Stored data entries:

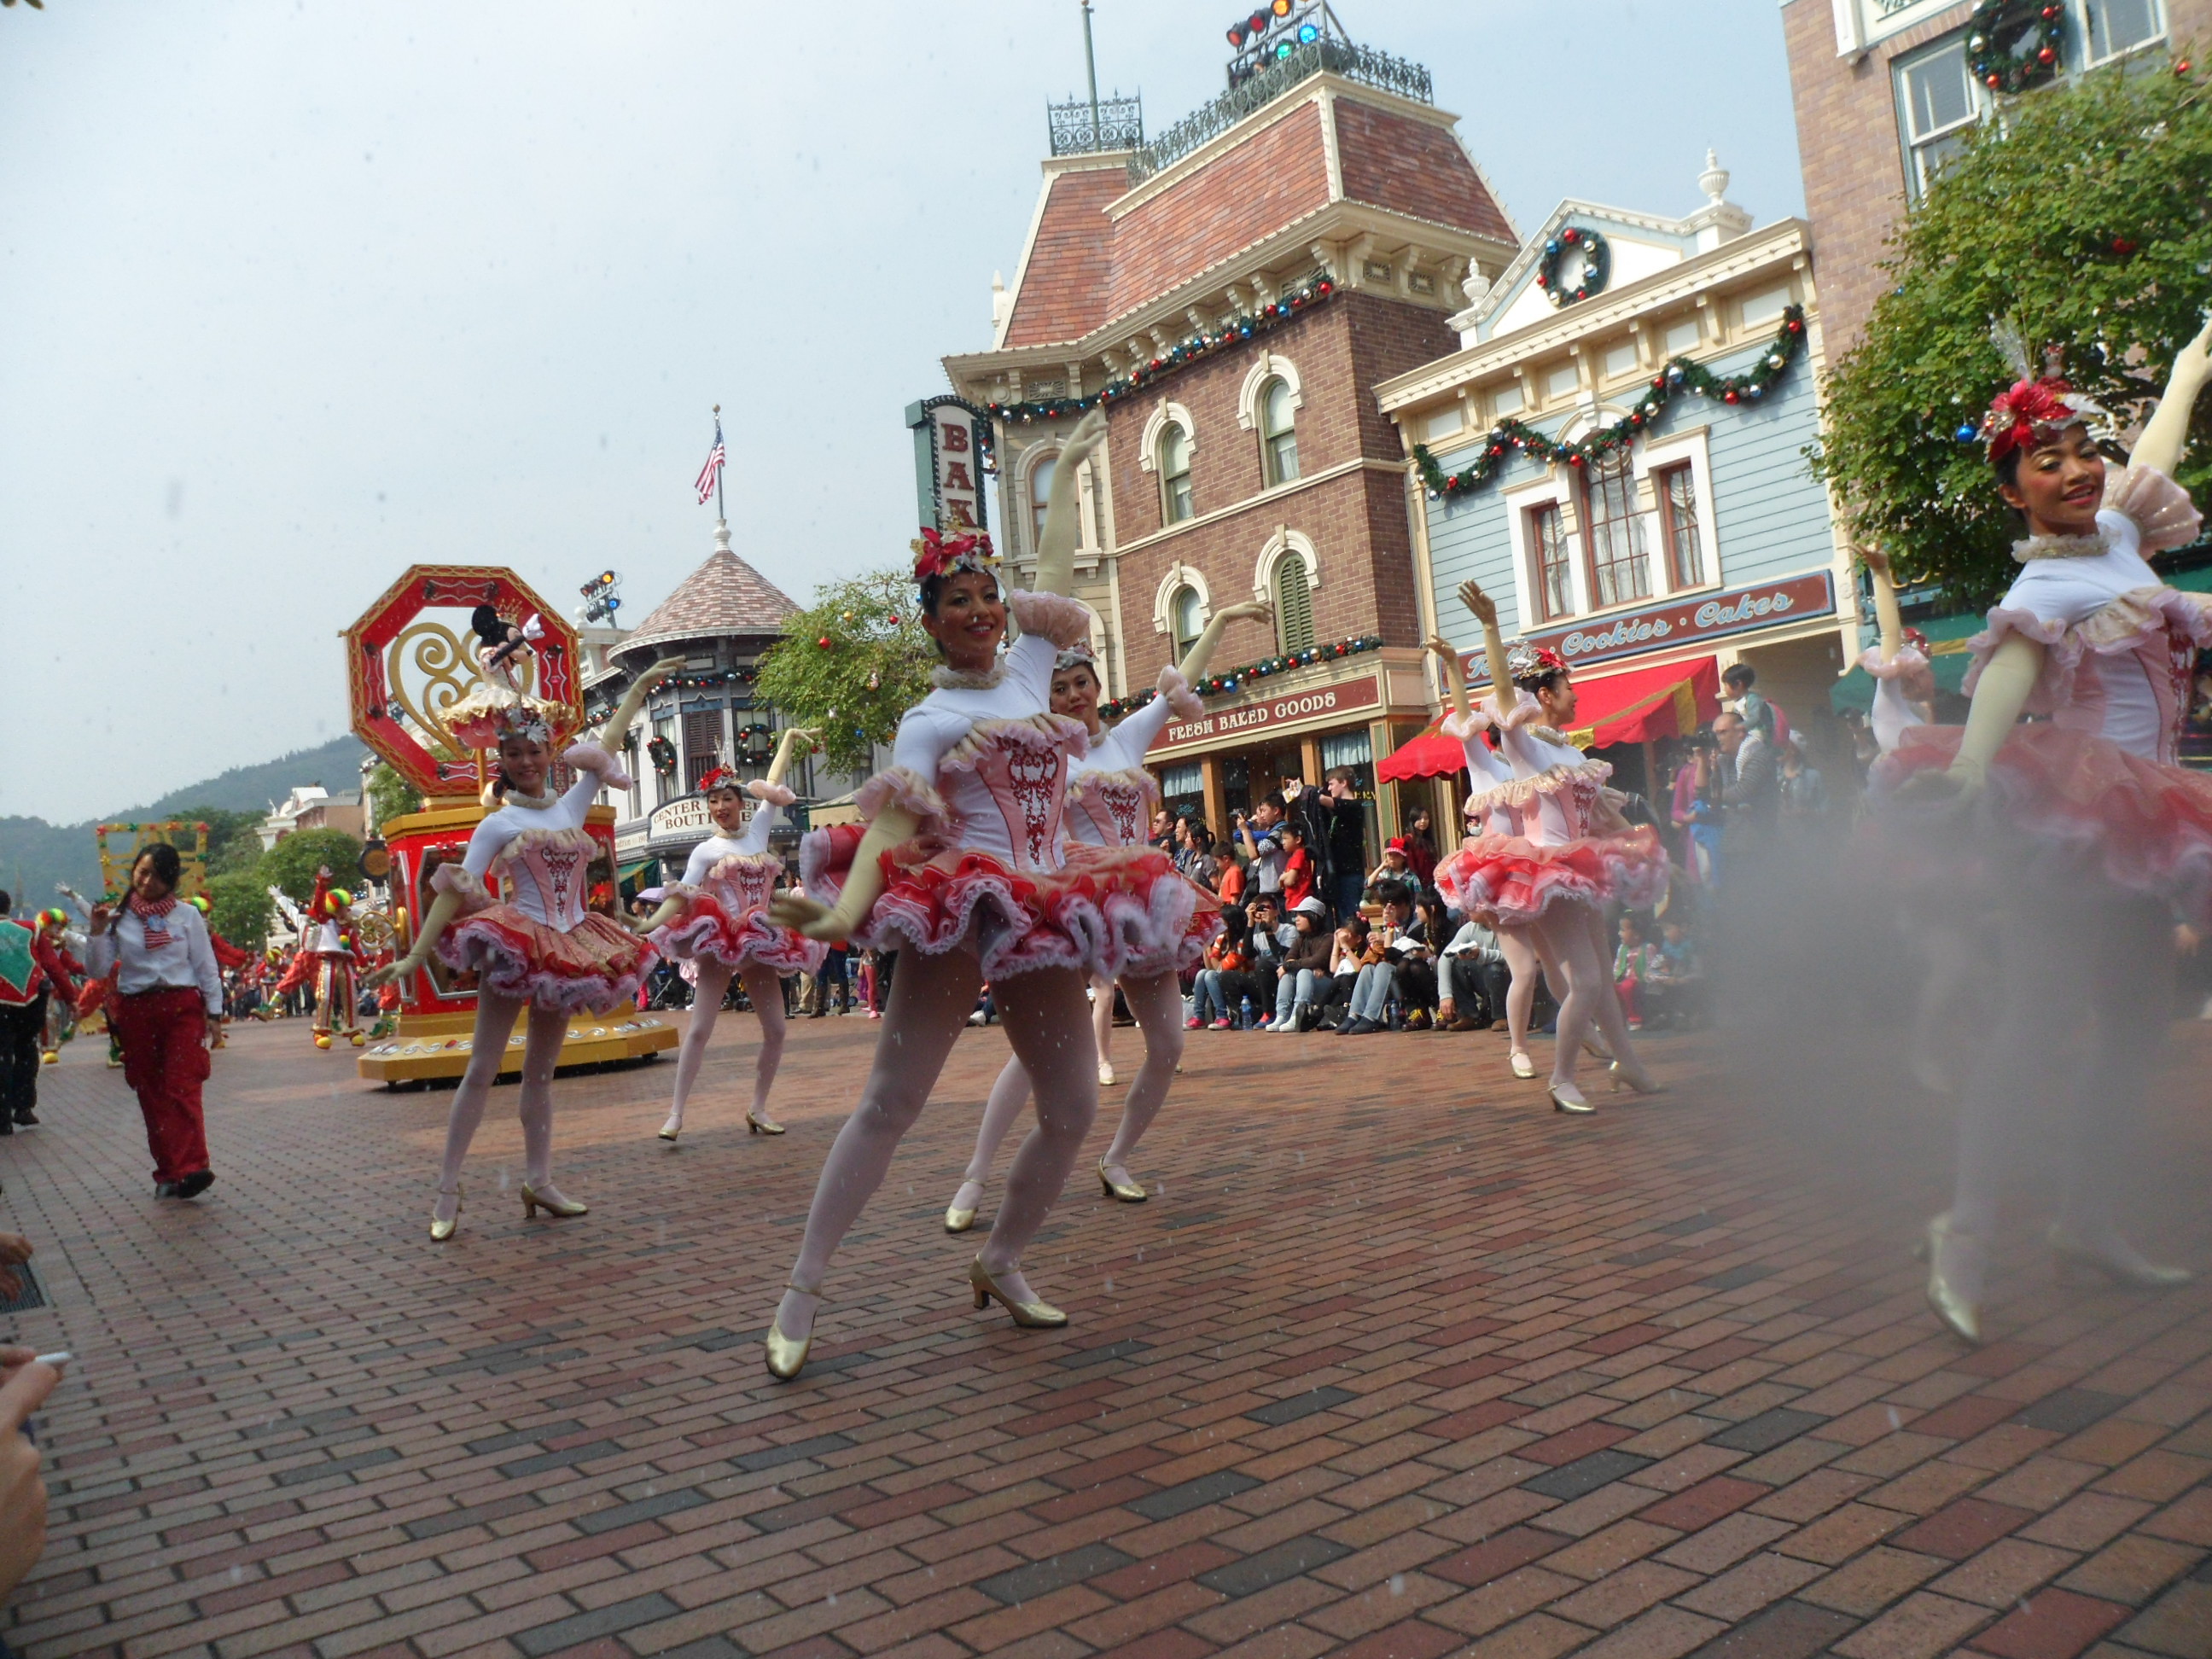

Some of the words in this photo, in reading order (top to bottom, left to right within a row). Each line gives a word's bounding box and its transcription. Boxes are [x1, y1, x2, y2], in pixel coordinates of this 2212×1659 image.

[940, 422, 978, 527] BAK
[1561, 618, 1673, 656] Cookies
[1694, 592, 1794, 627] Cakes
[1168, 719, 1214, 742] FRESH
[1219, 707, 1268, 731] BAKED
[1274, 692, 1336, 718] GOODS
[653, 800, 702, 824] CENTER
[665, 812, 753, 830] BOUTIE
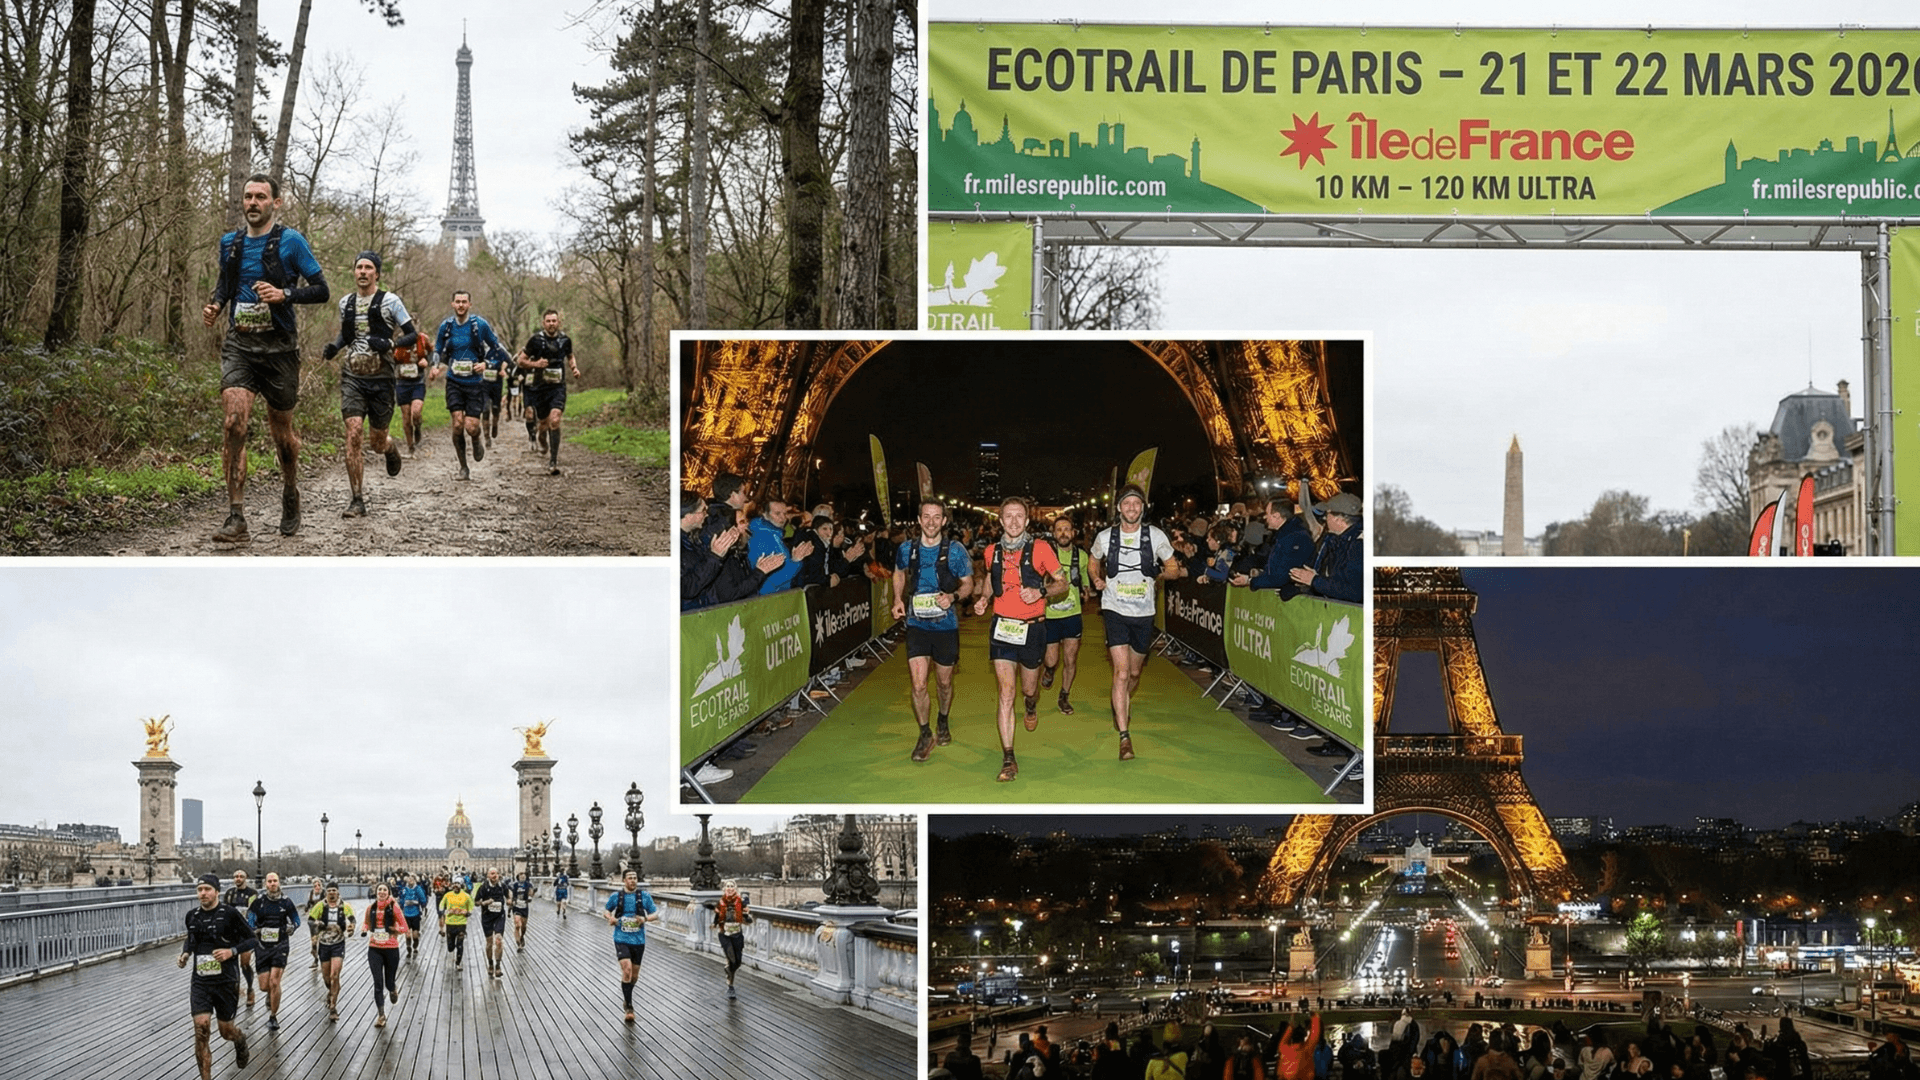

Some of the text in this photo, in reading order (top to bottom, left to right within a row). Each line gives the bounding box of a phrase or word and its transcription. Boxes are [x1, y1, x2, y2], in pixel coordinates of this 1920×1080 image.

[987, 47, 1206, 93] ECOTRAIL
[1222, 49, 1277, 93] DE
[1292, 50, 1422, 95] PARIS
[1479, 51, 1526, 96] 21
[1549, 52, 1601, 96] ET
[1614, 51, 1668, 96] 22
[1684, 51, 1815, 96] MARS
[1829, 51, 1920, 96] 202
[964, 173, 1167, 200] fr.milesrepublic.com
[1315, 175, 1343, 199] 10
[1352, 175, 1390, 199] KM
[1421, 175, 1464, 200] 120
[1472, 176, 1510, 200] KM
[1518, 176, 1597, 200] ULTRA
[766, 631, 803, 671] ULTRA
[1234, 623, 1272, 663] ULTRA
[690, 679, 749, 729] ECOTRAIL
[1290, 665, 1351, 712] ECOTRAIL
[1323, 702, 1353, 729] PARIS

WHAT TO WORK ON: Would you provide an exact, picture-free copy of the data above?

RESPONSE BOX:
Some of the words in this photo, in reading order (top to bottom, left to right within a row). Each line gives a word's bounding box and its transcription. Boxes are [x1, y1, x2, y2], in pixel coordinates of this 2212×1659 image.

[940, 422, 978, 527] BAK
[1561, 618, 1673, 656] Cookies
[1694, 592, 1794, 627] Cakes
[1168, 719, 1214, 742] FRESH
[1219, 707, 1268, 731] BAKED
[1274, 692, 1336, 718] GOODS
[653, 800, 702, 824] CENTER
[665, 812, 753, 830] BOUTIE

Some of the text in this photo, in reading order (top to bottom, left to right within a row). Each line gives the bounding box of a phrase or word and its transcription. Boxes are [x1, y1, x2, y2], in pixel coordinates of this 1920×1080 image.

[987, 47, 1206, 93] ECOTRAIL
[1222, 49, 1277, 93] DE
[1292, 50, 1422, 95] PARIS
[1479, 51, 1526, 96] 21
[1549, 52, 1601, 96] ET
[1614, 51, 1668, 96] 22
[1684, 51, 1815, 96] MARS
[1829, 51, 1920, 96] 202
[964, 173, 1167, 200] fr.milesrepublic.com
[1315, 175, 1343, 199] 10
[1352, 175, 1390, 199] KM
[1421, 175, 1464, 200] 120
[1472, 176, 1510, 200] KM
[1518, 176, 1597, 200] ULTRA
[766, 631, 803, 671] ULTRA
[1234, 623, 1272, 663] ULTRA
[690, 679, 749, 729] ECOTRAIL
[1290, 665, 1351, 712] ECOTRAIL
[1323, 702, 1353, 729] PARIS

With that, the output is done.